Anyway, coconut macaroons are one of the many traditional German Christmas cookies and they would either make a nice hostess gift or simply getting the prime spot of being this year’s first cookie. These have had to take a back seat while everybody was busy making Macarons, but for Christmas, I think they should go back into the classic line-up of Vanillekipferl, Lebkuchen, Honigkuchen, Engelsaugen, Berliner Brot, Basler Leckerli, Marzipankartoffeln, Zimtsterne…. If that does sound all exotic German to you, well, let me tell you this name-dropping conjures up the full Christmas market idyll and we will try to do them all.

So in honour of yesterday’s first attempt at snow, snow white coconut macaroons like my grandmother Anni used to make them. See, I am even a little bit earlier than last year.

 

Kokosmakronen – coconut macaroons
makes about 50

3 egg whites
1 teaspoon lemon juice
1 pinch of salt
225g (8oz or 1 ¾ cup) Icing sugar / confectioner’s sugar (Puderzucker)
60g (½ cup) plain flour
200g desiccated coconut (Kokosflocken)
50 round baking wafers or white rice paper wafers (4cm or 1 ½ inch in diameter; Backoblaten)

Preheat the oven to 150°C (300° F), fan oven: 130°C (260° F), gas mark 1.
Beat the egg whites together with the lemon juice and salt until really firm. Pass the flour and icing sugar through a sieve onto the stiff egg whites, add the coconut and fold all carefully into the egg mixture. It should be firm and dry, not runny or wet nor should it loose its shape.

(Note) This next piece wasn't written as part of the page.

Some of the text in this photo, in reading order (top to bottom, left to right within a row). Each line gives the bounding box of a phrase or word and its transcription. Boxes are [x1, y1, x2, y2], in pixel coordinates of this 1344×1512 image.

Spread the baking wafers out on baking tray / sheet and either using 2 teaspoons or a small ice-cream scoop (I used a heaped #70 disher) place little mounts of macaroon mass onto the white paper rounds. They should about cover the paper and have little mountain tops which is like we used to have them or you could follow the other school and flatten the tip to get a round mount. Bake for about 15-20 minutes until slightly golden. Leave to cool on a separate tray or wire rack.

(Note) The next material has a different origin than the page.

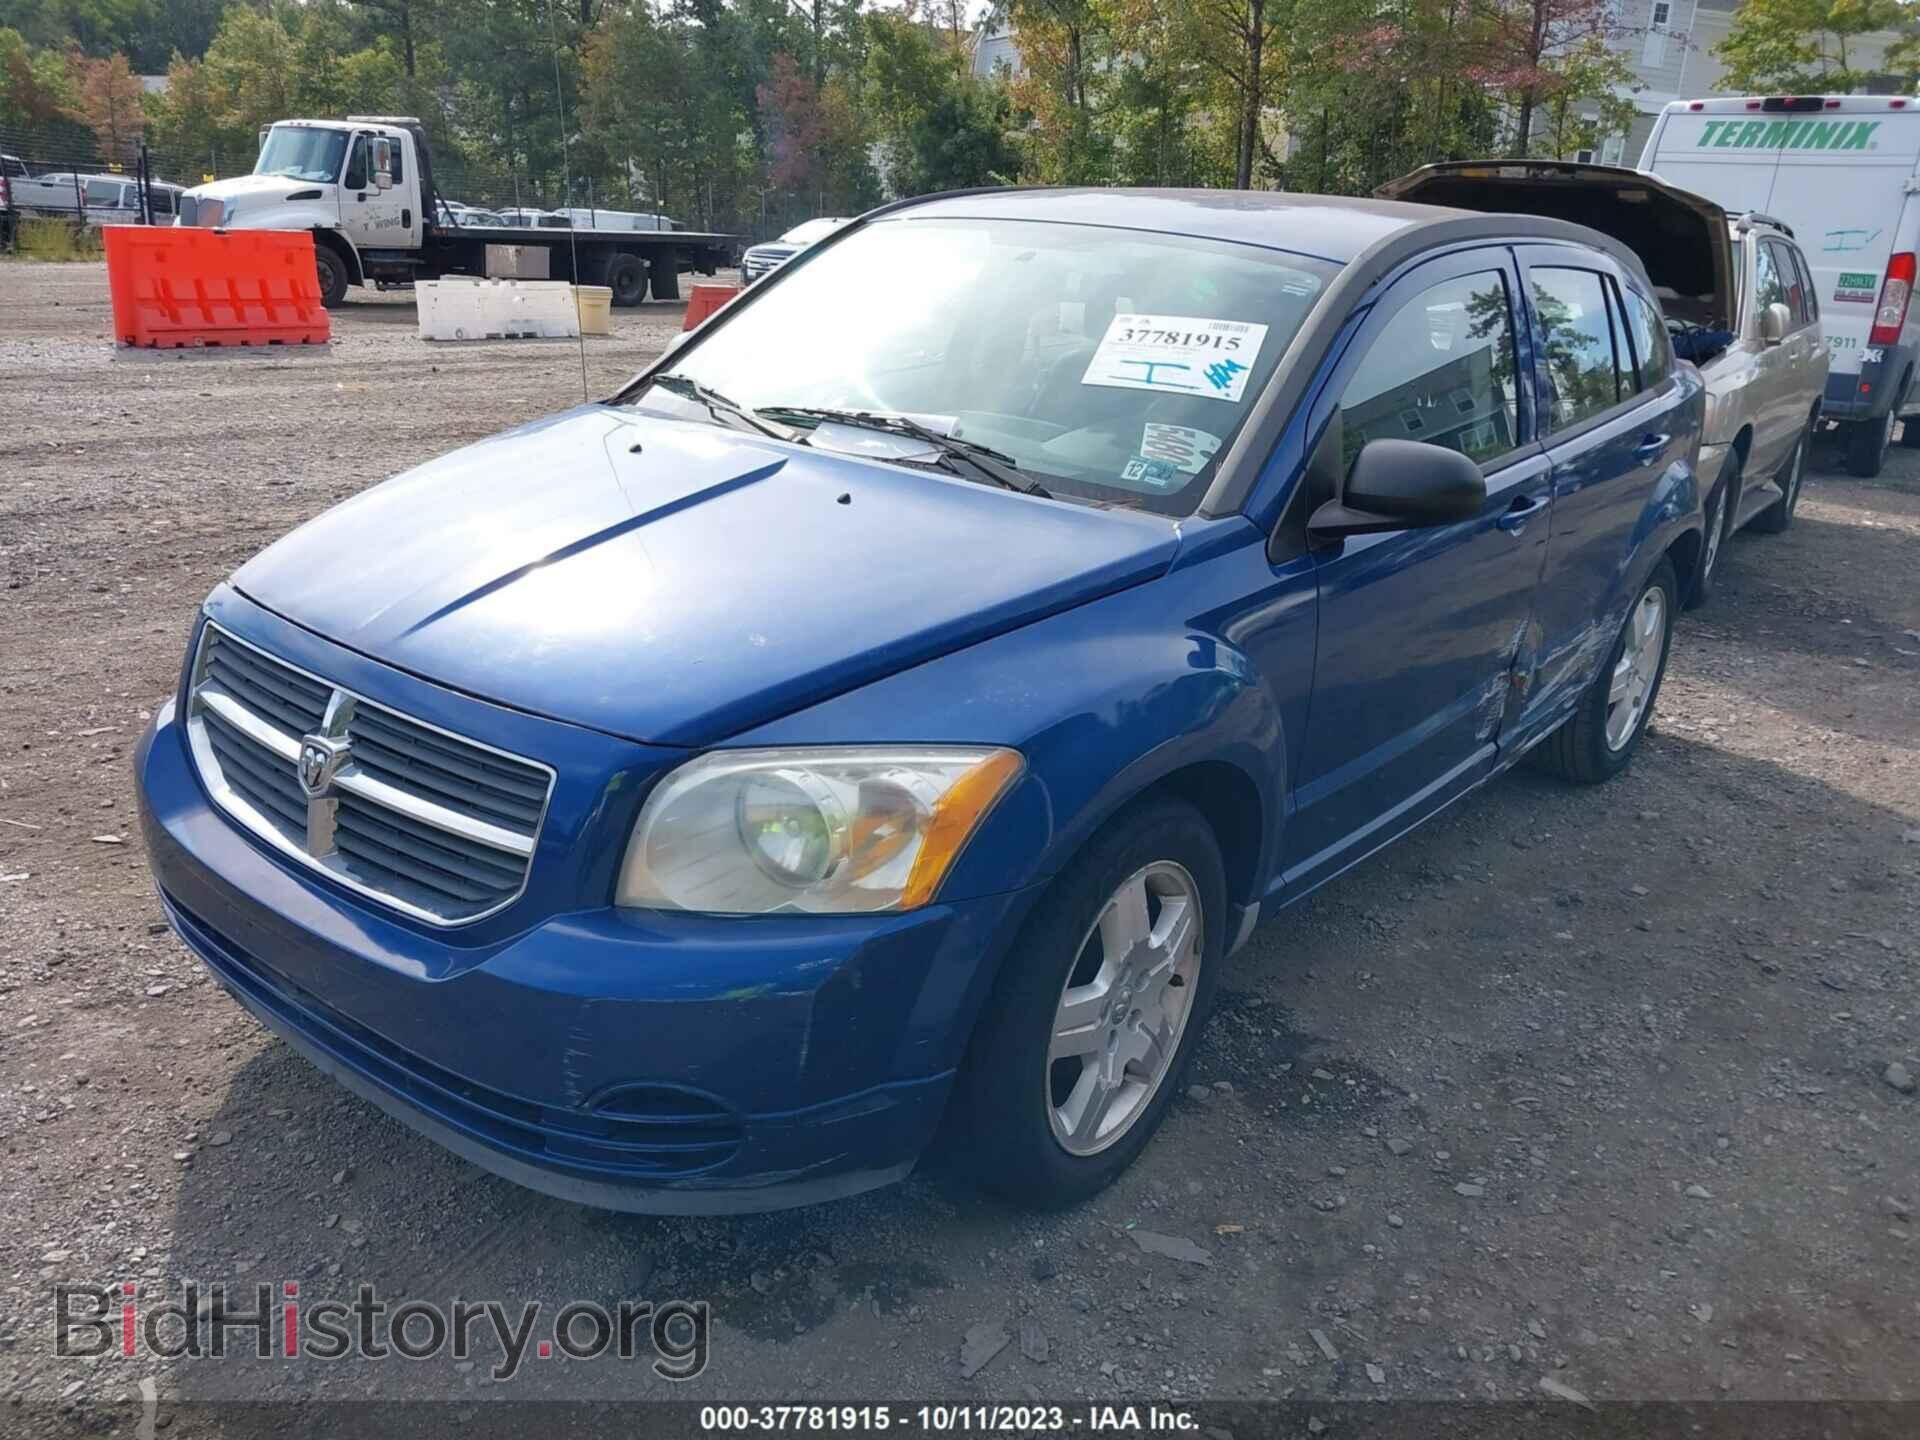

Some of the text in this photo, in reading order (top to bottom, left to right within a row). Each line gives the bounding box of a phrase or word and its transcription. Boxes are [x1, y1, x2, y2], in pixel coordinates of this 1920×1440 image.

[1697, 120, 1883, 150] TERMINIX
[1118, 328, 1242, 351] 37781915
[1127, 462, 1144, 478] 12

Tip: It might be a bit fiddly to place the mass onto the gliding wafers and you want to hold one side of the wafer while placing the macaroon mass on it.

Keep in an airtight container or the classic biscuit tin. If they tend to get rock hard, just add a slice of apple or peel to the container and exchange after a few days. This way they are definitely staying soft.